#### [Exercise aim]
Below are records that contain pictures; transcribe the text exactly and omit the pictures.

(Input Opens)

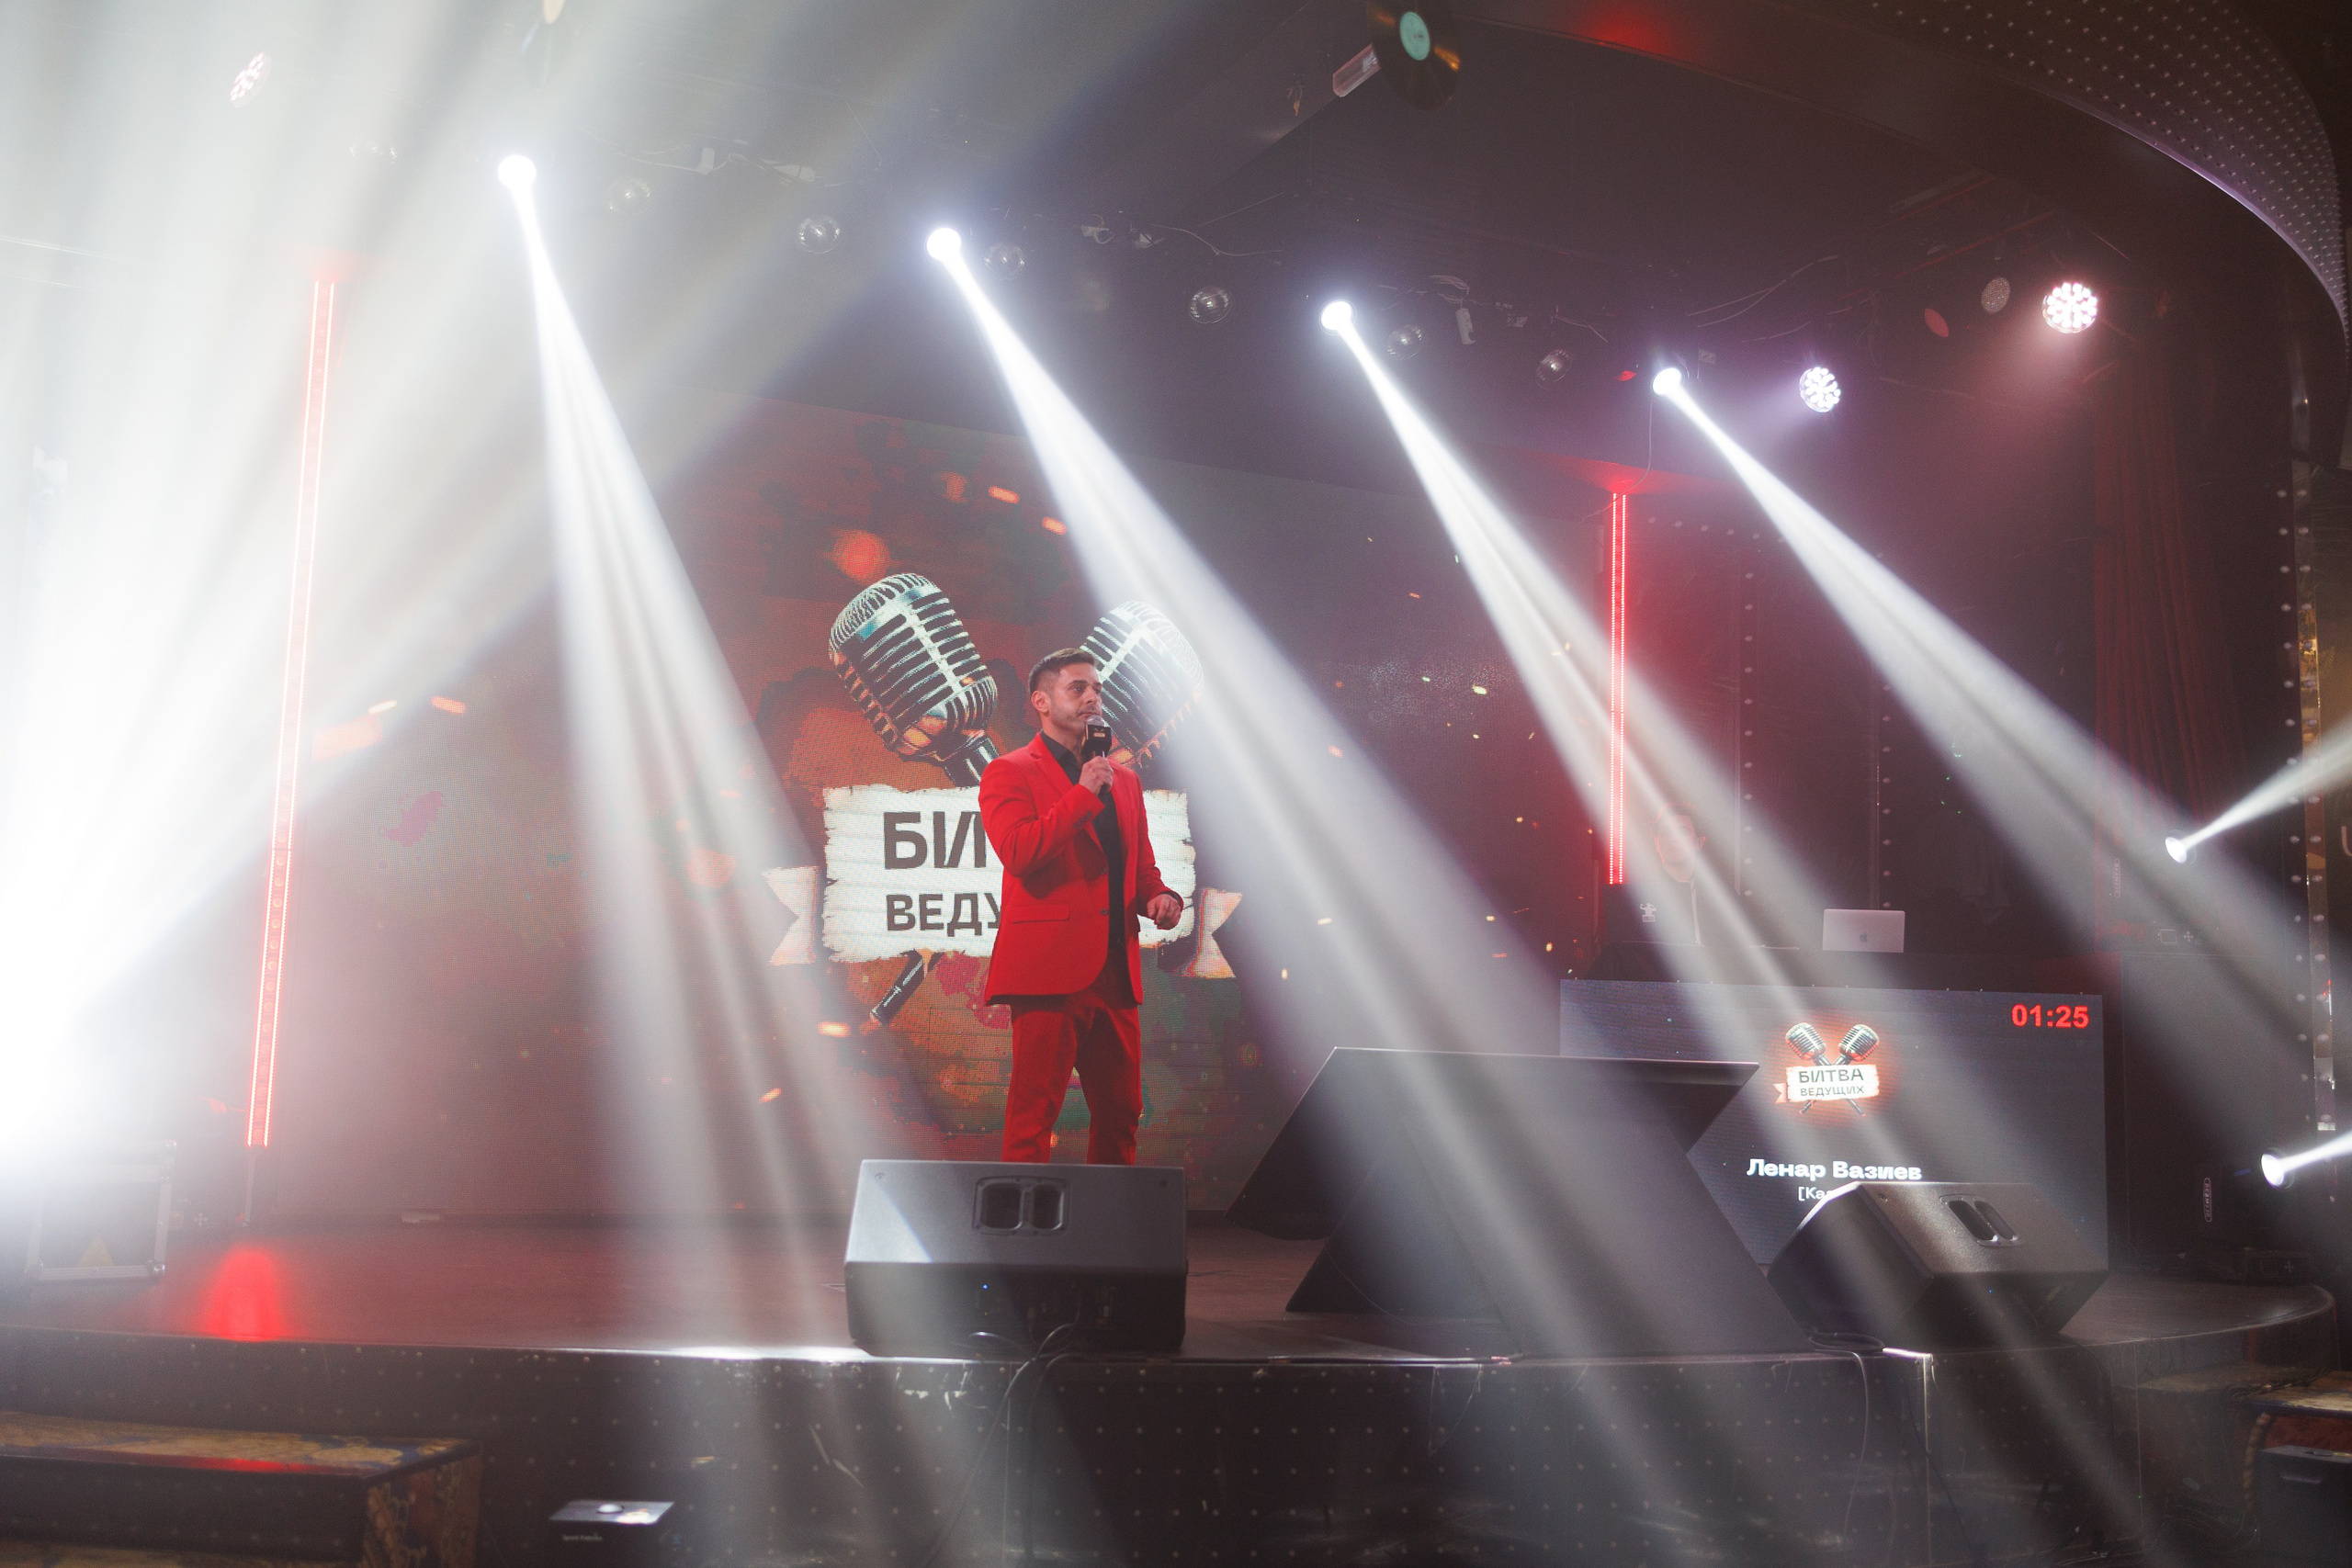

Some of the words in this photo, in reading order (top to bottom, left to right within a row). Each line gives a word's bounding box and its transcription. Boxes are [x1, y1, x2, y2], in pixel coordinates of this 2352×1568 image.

[886, 892, 1002, 937] ВЕДУ
[2011, 1004, 2089, 1028] 01:25
[1798, 1068, 1864, 1083] БИТВА
[1800, 1085, 1865, 1097] ВЕДУЩИХ
[1746, 1158, 1826, 1181] Ленар
[1832, 1160, 1922, 1180] Вазиев

(Input Closes)

#### [Answer for the task]
Some of the words in this photo, in reading order (top to bottom, left to right within a row). Each line gives a word's bounding box and its transcription. Boxes are [x1, y1, x2, y2], in pixel coordinates of this 2352×1568 image.

[886, 892, 1002, 937] ВЕДУ
[2011, 1004, 2089, 1028] 01:25
[1798, 1068, 1864, 1083] БИТВА
[1800, 1085, 1865, 1097] ВЕДУЩИХ
[1746, 1158, 1826, 1181] Ленар
[1832, 1160, 1922, 1180] Вазиев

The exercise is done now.